Uno dei maggiori esperti britannici del morbo di Alzheimer afferma che c’è motivo di sperare in un trattamento efficace per la forma più comune della malattia entro il 2040. La professoressa Julie Williams dell’Università di Cardiff afferma che nel 2009 si sapeva che solo tre geni erano collegati alla malattia di Alzheimer, mentre oggi se ne contano 92, il che rappresenta un enorme aumento delle conoscenze su questa malattia debilitante.

“Le cose stanno accelerando e migliorando continuamente”, ha dichiarato Williams alla BBC. “Ho imparato più cose negli ultimi sette anni che nei precedenti 20”. Williams, direttore dell’UK Dementia Research Institute dell’Università di Cardiff, studia la malattia da 30 anni. La malattia di Alzheimer è una forma progressiva di demenza che attualmente non ha né una cura né un trattamento efficace per rallentare la progressione dei sintomi. Williams è tuttavia ottimista sul fatto che le terapie geniche avanzate riveleranno di più sulla malattia e, auspicabilmente, condurranno i medici, i ricercatori e, in ultima analisi, i pazienti e le loro famiglie a un trattamento che rallenterà o addirittura fermerà l’insorgenza del deterioramento cognitivo. “Una volta che si sa da dove iniziare a cercare, si possono studiare gli effetti che i geni hanno su specifiche attività cerebrali”, ha detto Williams.
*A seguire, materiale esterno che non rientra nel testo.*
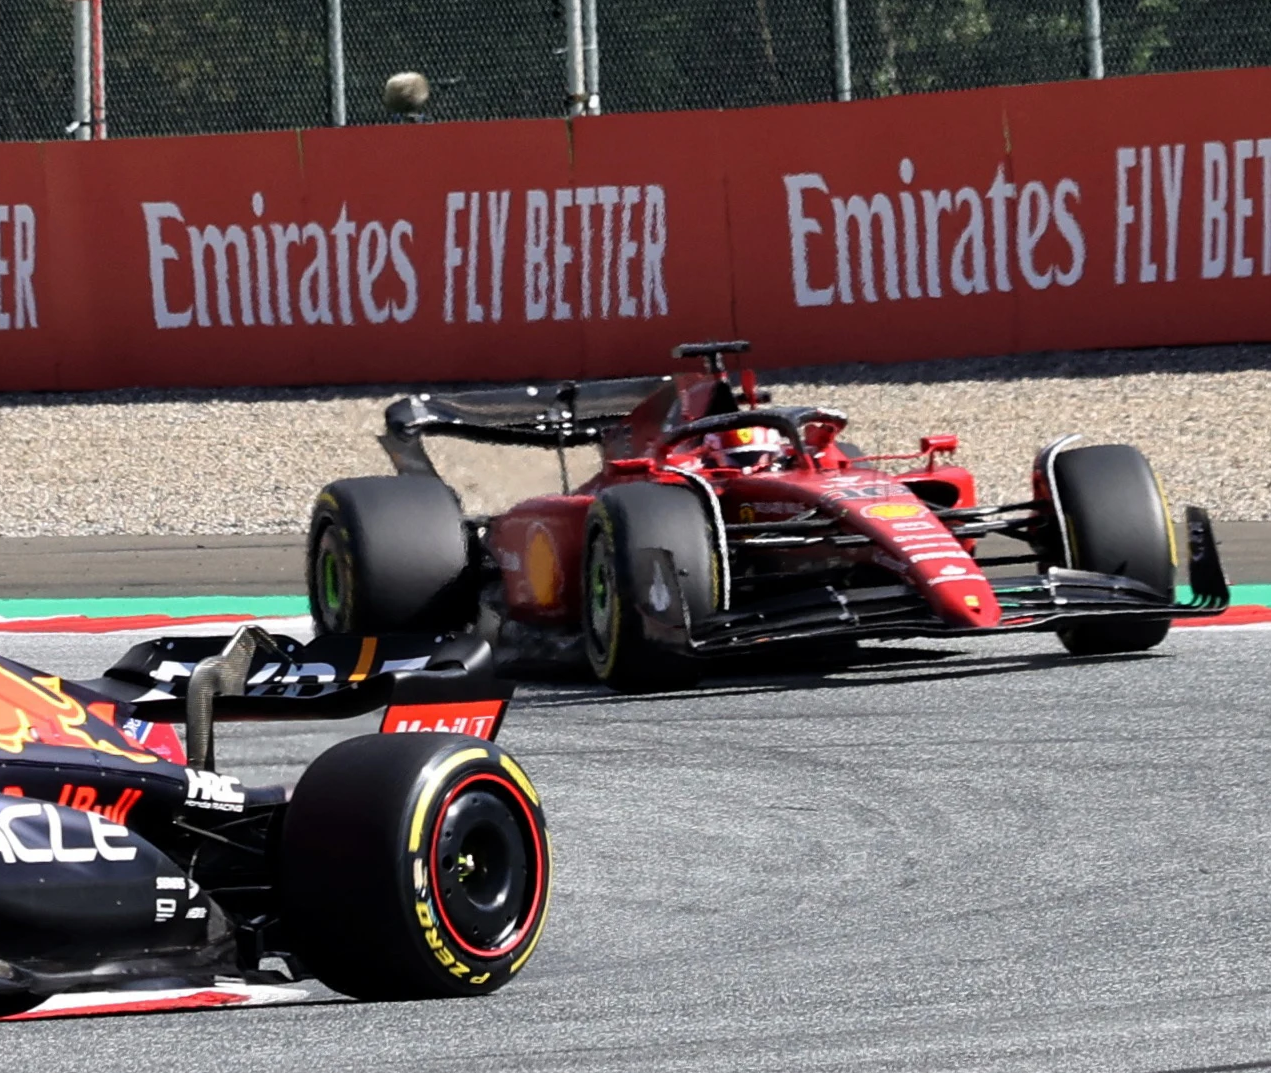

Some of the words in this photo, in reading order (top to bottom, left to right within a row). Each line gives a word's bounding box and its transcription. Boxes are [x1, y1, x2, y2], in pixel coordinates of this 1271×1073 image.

[142, 192, 417, 328] Emirates
[445, 191, 510, 321] FLY
[525, 185, 667, 320] BETTER
[784, 159, 1085, 306] Emirates
[1116, 144, 1184, 283] FLY
[415, 901, 471, 978] ZERO
Progressi verso il trattamento nel corso degli anni

I progressi nella malattia di Alzheimer, che ogni anno colpisce 850.000 persone nel Regno Unito, mentre ci sono più di 10 milioni di nuovi casi di demenza ogni anno in tutto il mondo, secondo l’Alzheimer’s Disease International. Non tutti i sintomi della demenza sono legati al morbo di Alzheimer, ma il morbo di Alzheimer è la diagnosi principale di coloro che soffrono di demenza, per cui è particolarmente importante colpire il morbo di Alzheimer per arginare il previsto aumento delle persone affette da demenza negli anni e nei decenni a venire. “Test che negli anni ’90 costavano milioni di euro oggi possono essere eseguiti con circa 30 sterline”, ha detto Williams. “Per esempio, ora sappiamo che i geni difettosi [stanno] cambiando il modo in cui funzionano le cellule immunitarie chiamate microglia”. Sono i netturbini del cervello che eliminano ciò che considerano spazzatura”, spiega la dottoressa. “Potrebbero essere meno efficienti nell’eliminare i rifiuti veri e propri e uccidere erroneamente le cellule cerebrali sane, comprese le sinapsi. Naturalmente le sinapsi sono le connessioni tra i neuroni, quindi se vengono eliminate quando non dovrebbero, si perdono le connessioni, si perde il pensiero, si perdono i ricordi”. Decenni di ricerca sulla malattia di Alzheimer e sulla demenza indicano che non esiste un’unica “cura” per la malattia, ma che il trattamento dovrà adottare un approccio più olistico, attaccando le varie cause da ogni possibile angolazione. Williams spera che il ritmo dei progressi possa portare a trattamenti efficaci entro il 2040, quando si prevede un forte aumento dei casi di demenza.

“Entro il 2040 penso che saremo in grado di offrire una serie di trattamenti e forse non sapremo esattamente perché, ma uno di questi sarà in grado di agire sull’enorme gamma di cause”, ha detto.